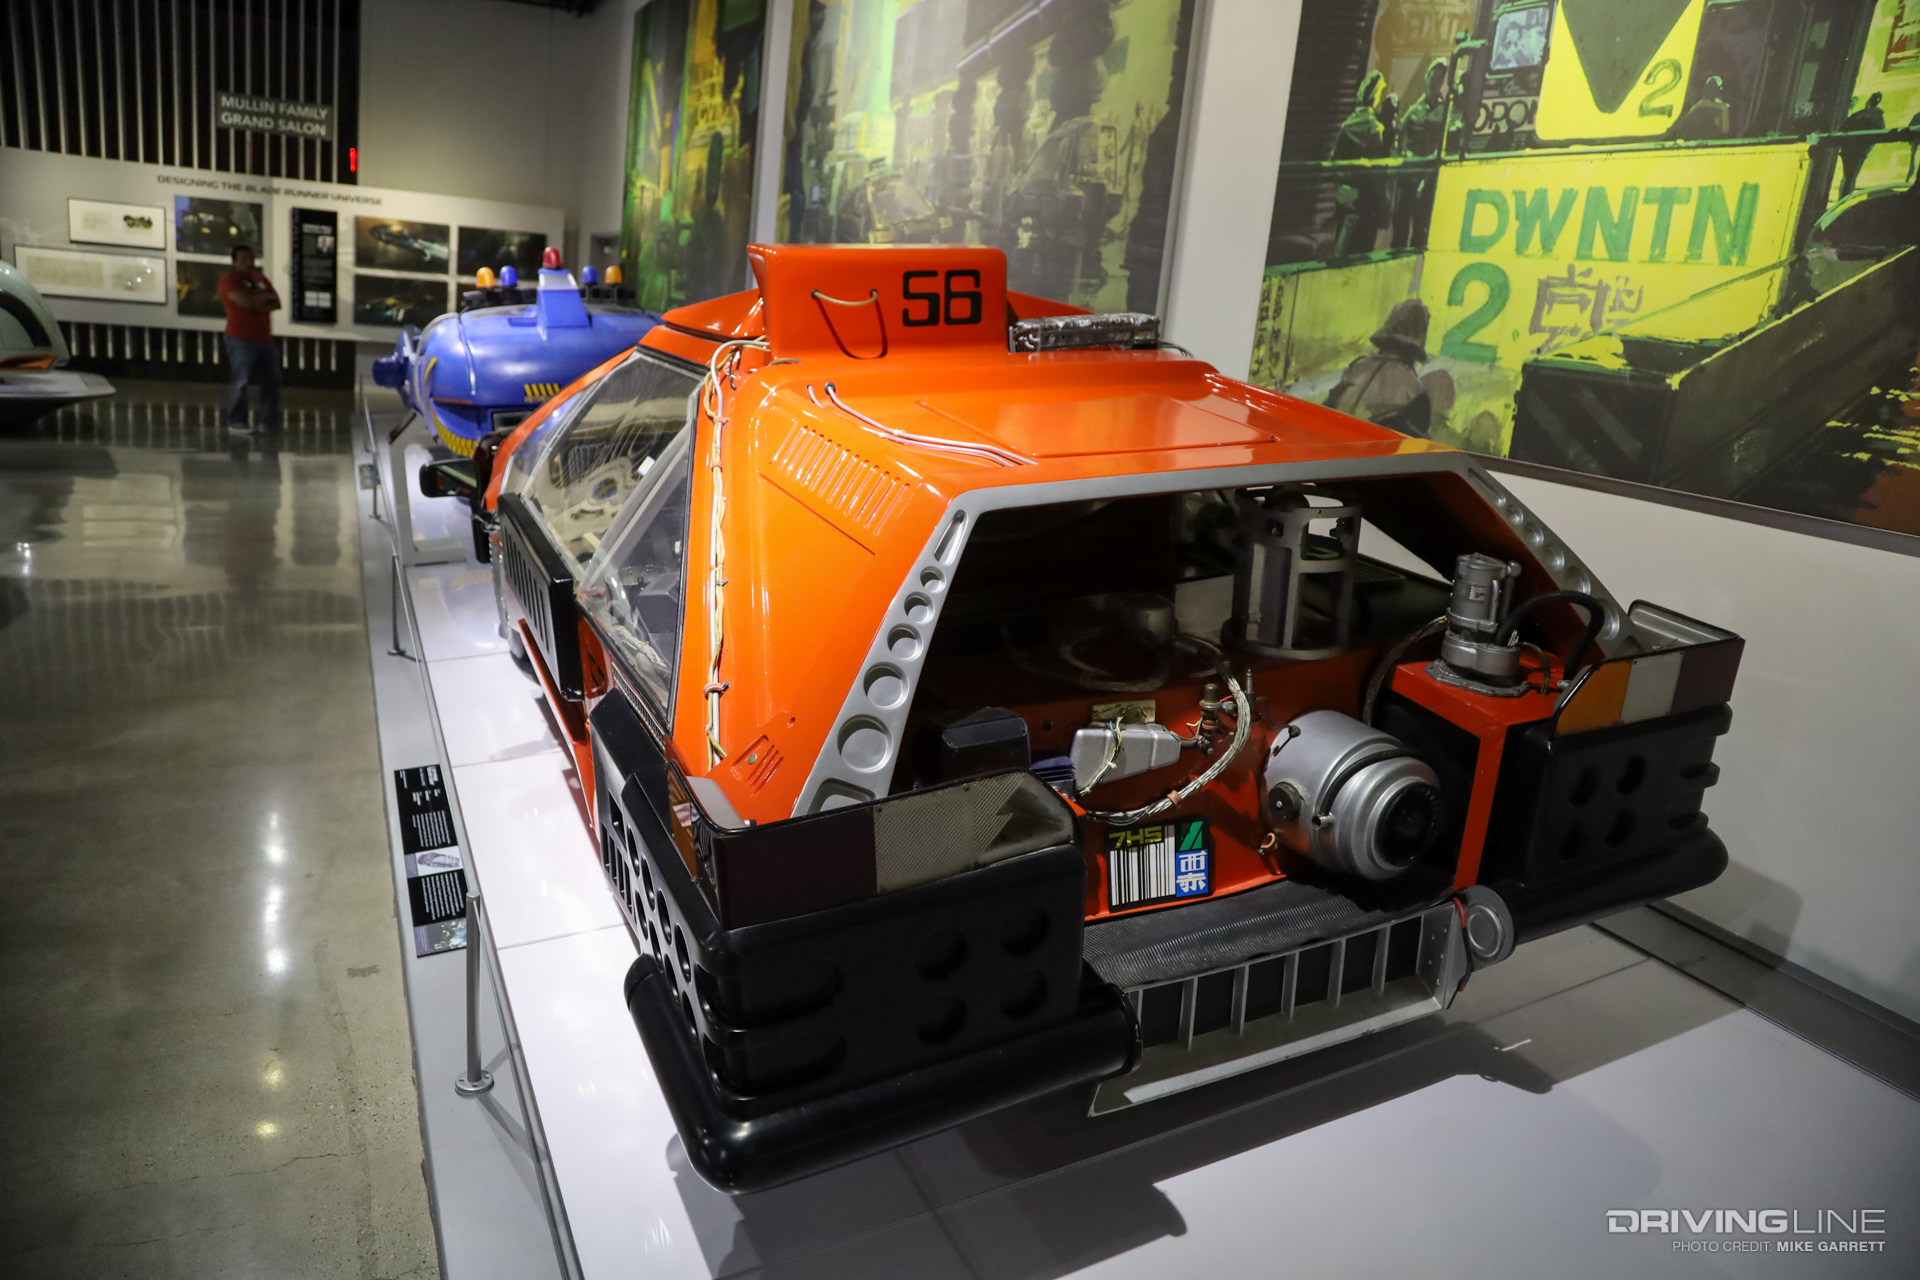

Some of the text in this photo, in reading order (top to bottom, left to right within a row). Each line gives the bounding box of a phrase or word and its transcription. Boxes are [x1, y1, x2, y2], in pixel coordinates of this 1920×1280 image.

[221, 95, 328, 120] MULLIN FAMILY
[1638, 58, 1682, 118] 2
[221, 111, 327, 137] GRAND SALON
[157, 174, 219, 190] DESIGNING
[221, 181, 243, 193] THE
[331, 192, 383, 206] UNIVERSE
[1459, 181, 1761, 267] DWNTN
[902, 269, 982, 327] 56
[1439, 261, 1511, 367] 2
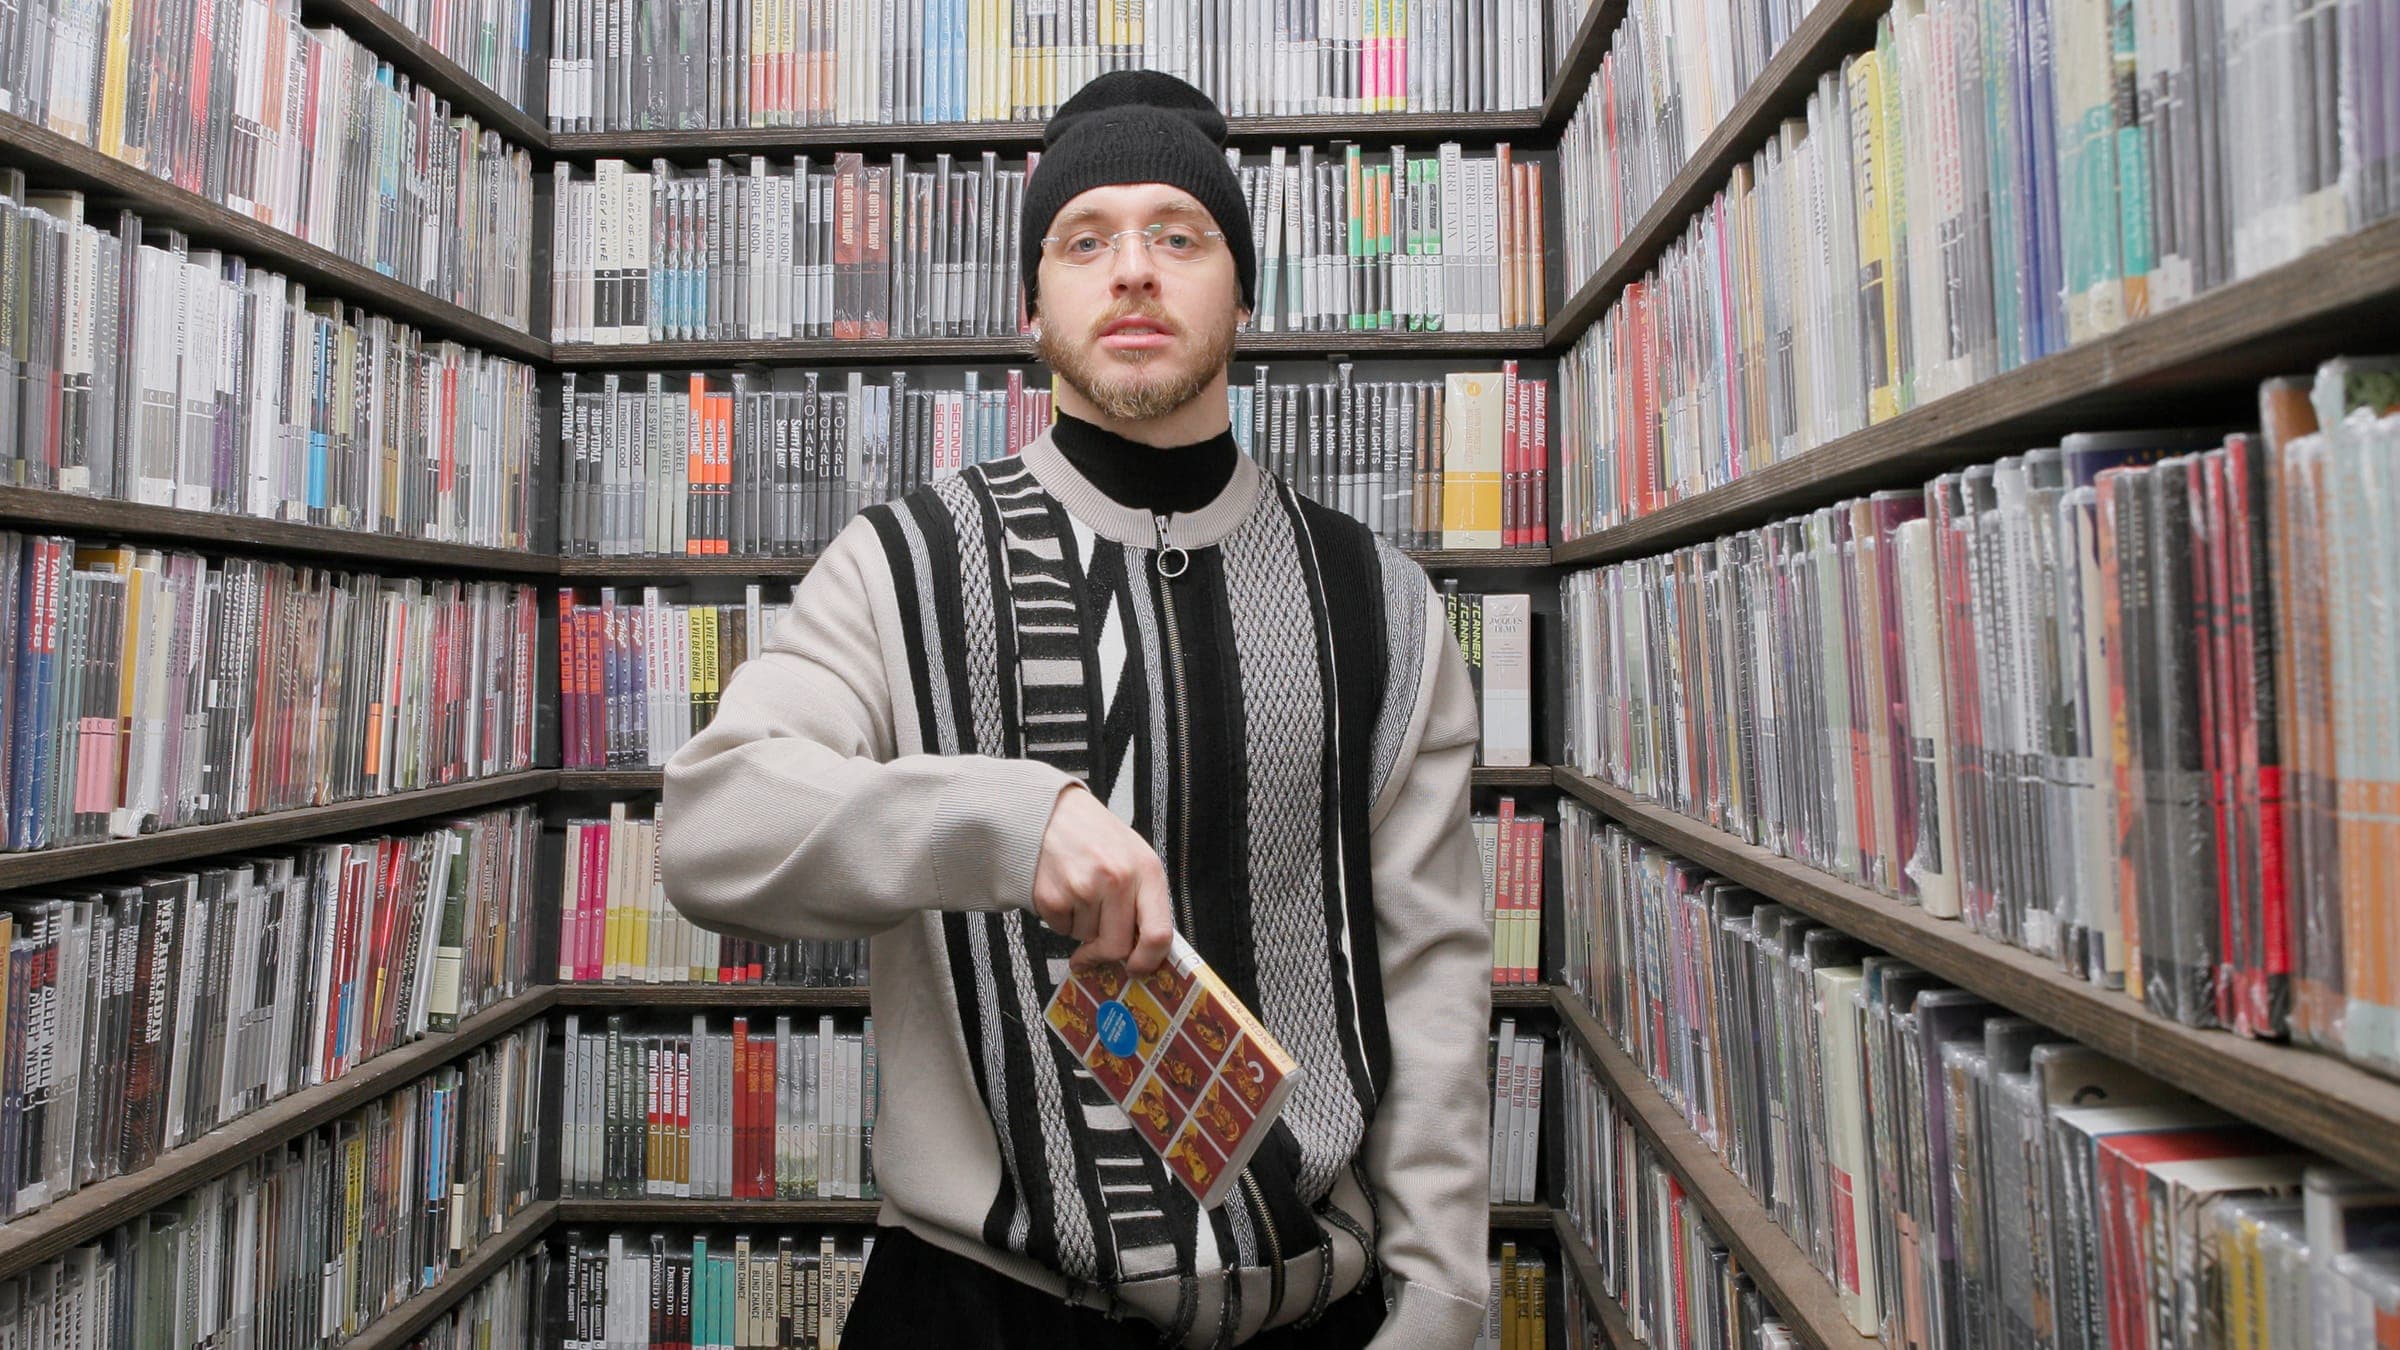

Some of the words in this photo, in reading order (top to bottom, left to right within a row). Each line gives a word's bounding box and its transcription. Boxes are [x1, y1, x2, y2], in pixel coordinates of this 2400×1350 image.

--

▶ [Exercise requirements]:
After removing the pictures, transcribe the listing above exactly.

▶ [Solution to the problem]:
Some of the text in this photo, in reading order (top to bottom, left to right within a row). Each line gives the bounding box of a phrase or word and its transcription. Boxes are [x1, y1, x2, y2], in pixel coordinates of this 1920×1280 image.

[221, 95, 328, 120] MULLIN FAMILY
[1638, 58, 1682, 118] 2
[221, 111, 327, 137] GRAND SALON
[157, 174, 219, 190] DESIGNING
[221, 181, 243, 193] THE
[331, 192, 383, 206] UNIVERSE
[1459, 181, 1761, 267] DWNTN
[902, 269, 982, 327] 56
[1439, 261, 1511, 367] 2

Some of the words in this photo, in reading order (top to bottom, left to right within a row). Each line gives a word's bounding box and its transcription. Boxes are [x1, y1, x2, y2], in pixel coordinates of this 2400×1350 image.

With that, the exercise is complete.